1.7.9 Keyboard Device
The Keyboard Device is a "low level device" which is used by
the "Input Device". The keyboard device collects untranslated
(raw) key codes. This device is very fast and uses very little
computer time.
This device will be covered in the next version of the manual.
All registered members will receive more information as soon as
the next version has been completed.
1.7.10 Input Device
The Input Device is a so called "high level device" which
receives information from the timer, keyboard and gameport
devices, and puts all this information into one single input
stream. Very handy and useful device.
This device will be covered in the next version of the manual.
All registered members will receive more information as soon as
the next version has been completed.
1.7.11 Console Device
The Console Device enables you to handle input and output as
an intelligent terminal for ASCII characters.

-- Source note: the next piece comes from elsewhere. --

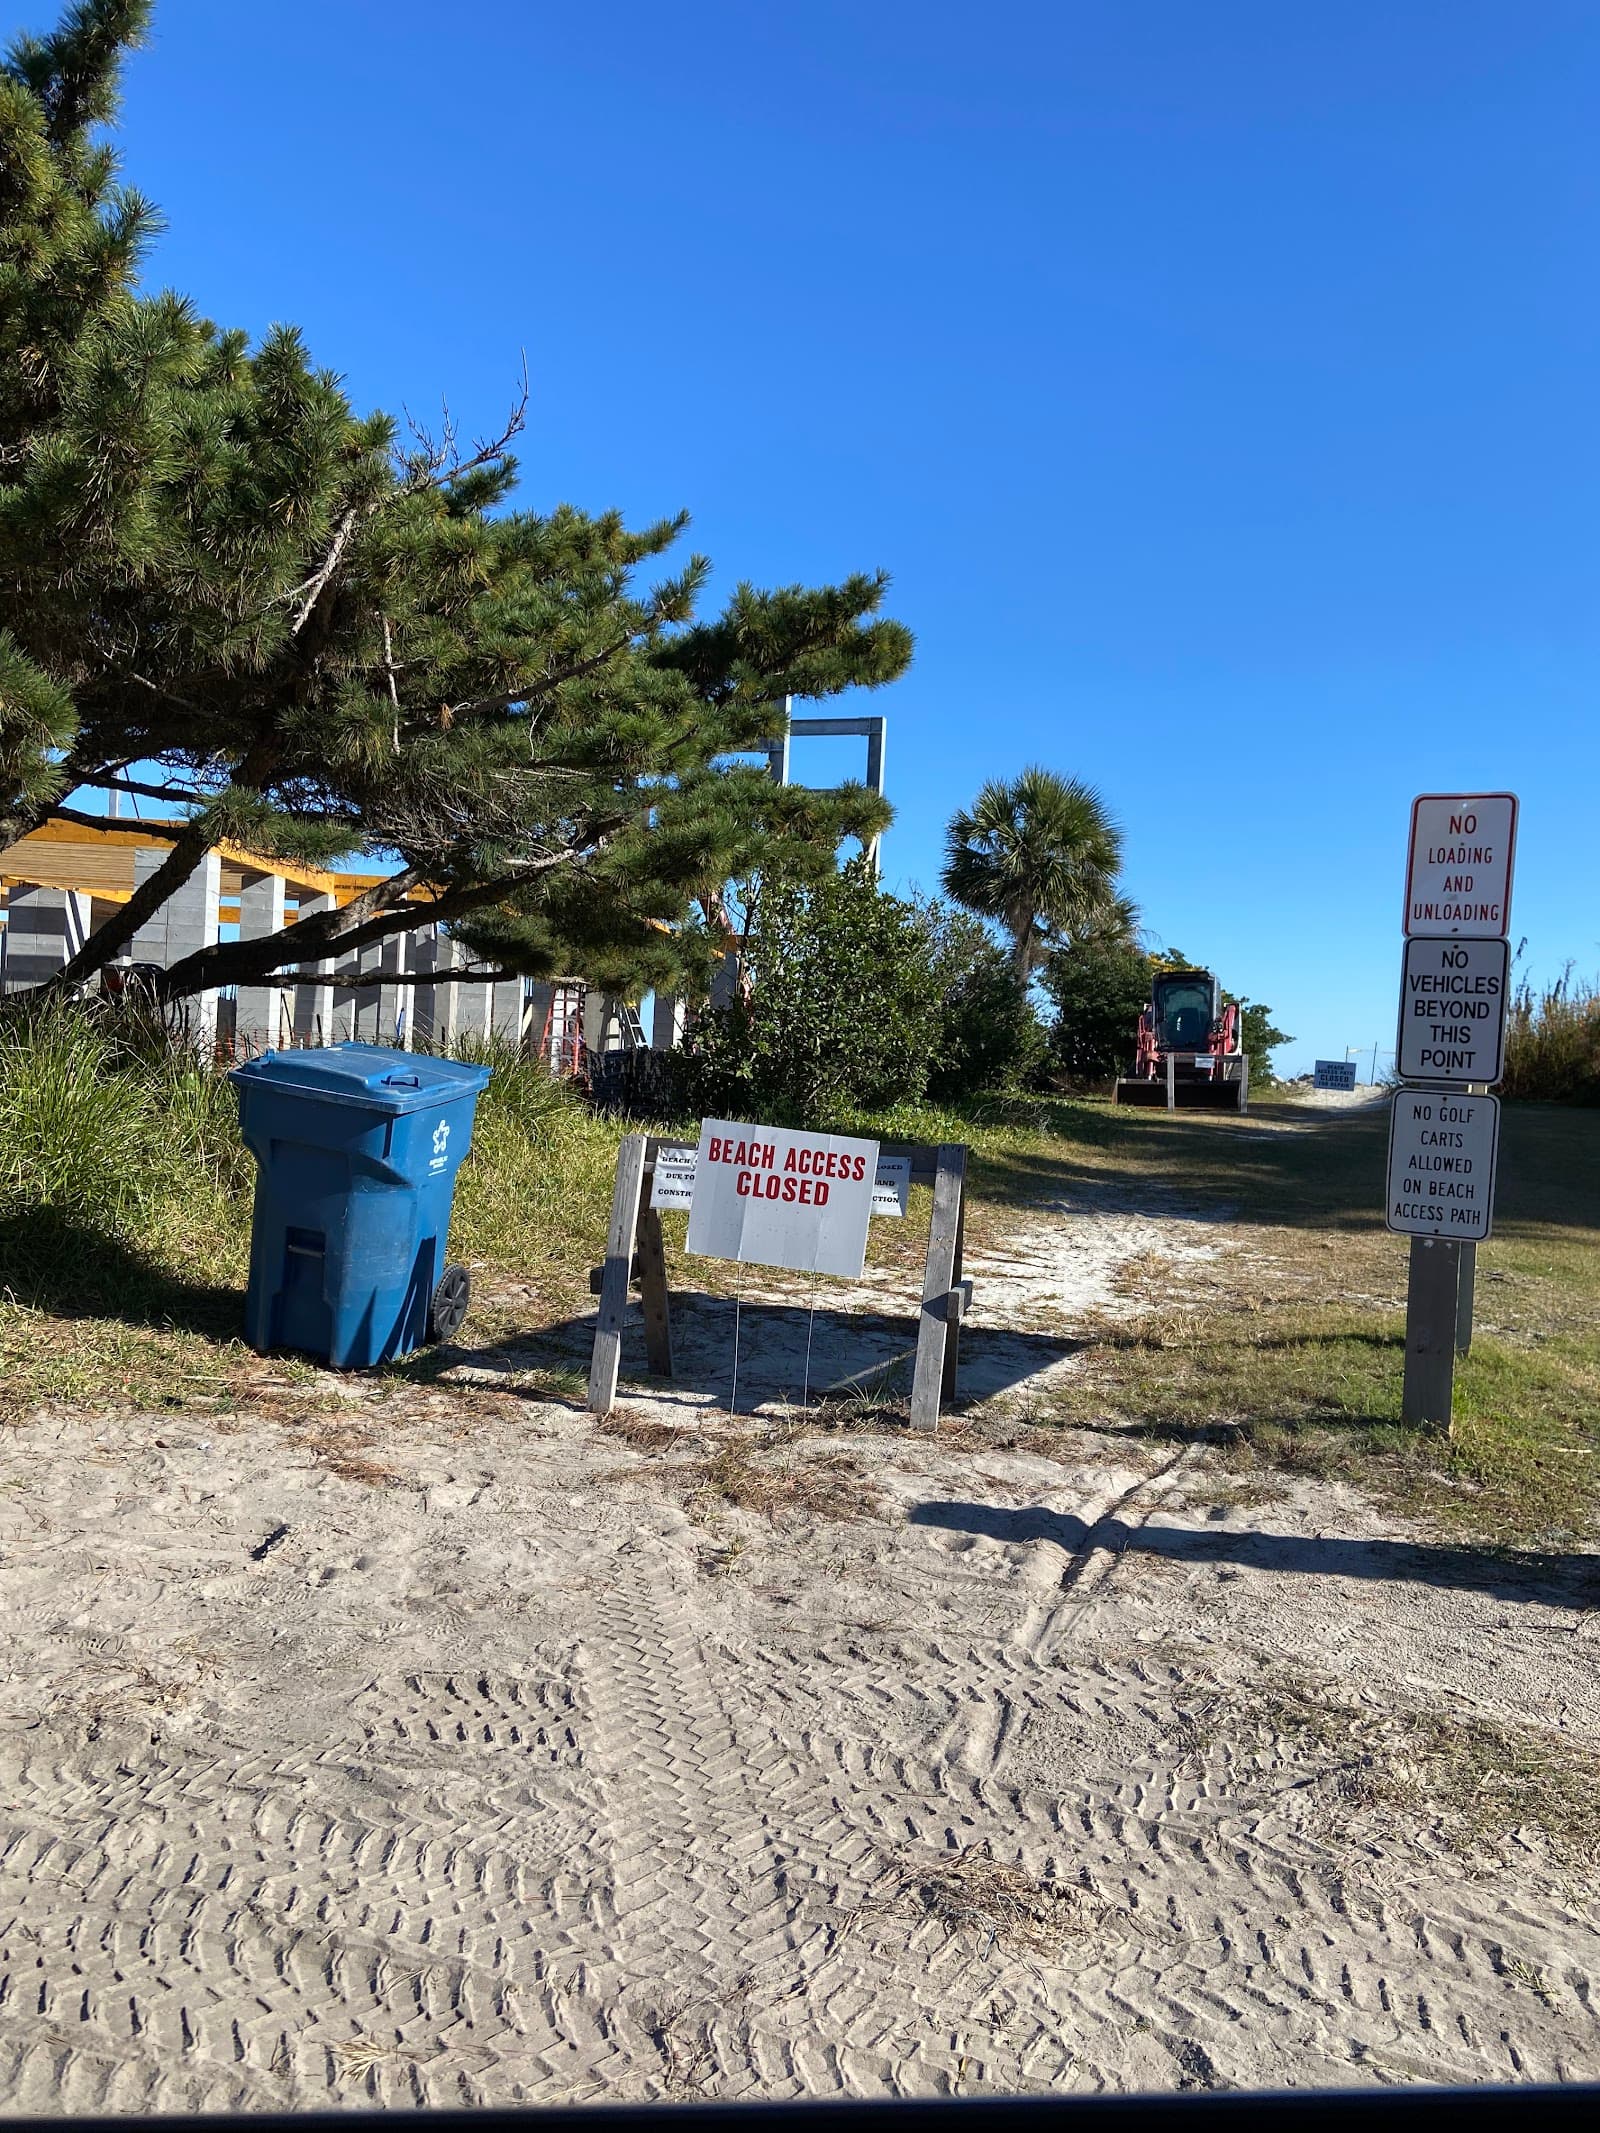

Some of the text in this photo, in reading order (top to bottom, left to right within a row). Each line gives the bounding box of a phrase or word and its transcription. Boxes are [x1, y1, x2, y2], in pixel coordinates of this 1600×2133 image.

Works very close
with Intuition, and is also a very handy and useful device.
This device will be covered in the next version of the manual.
All registered members will receive more information as soon as
the next version has been completed.
1.7.12 Clipboard Device
With the Clipboard Device data can be cut, pasted and copied
between different programs. Several clips may be used
simultaneously, and the device supports the IFF standard.
This device will be covered in the next version of the manual.
All registered members will receive more information as soon as
the next version has been completed.
1.7.13 SCSI AND PCMCIA DEVICE
There exist two new devices. The SCSI device is only available
with the new V2.0 operating system, and the PCMCIA device exist
for the moment only on Amiga 600.
These device will be covered in the next version of the manual.
All registered members will receive more information as soon as
the next version has been completed.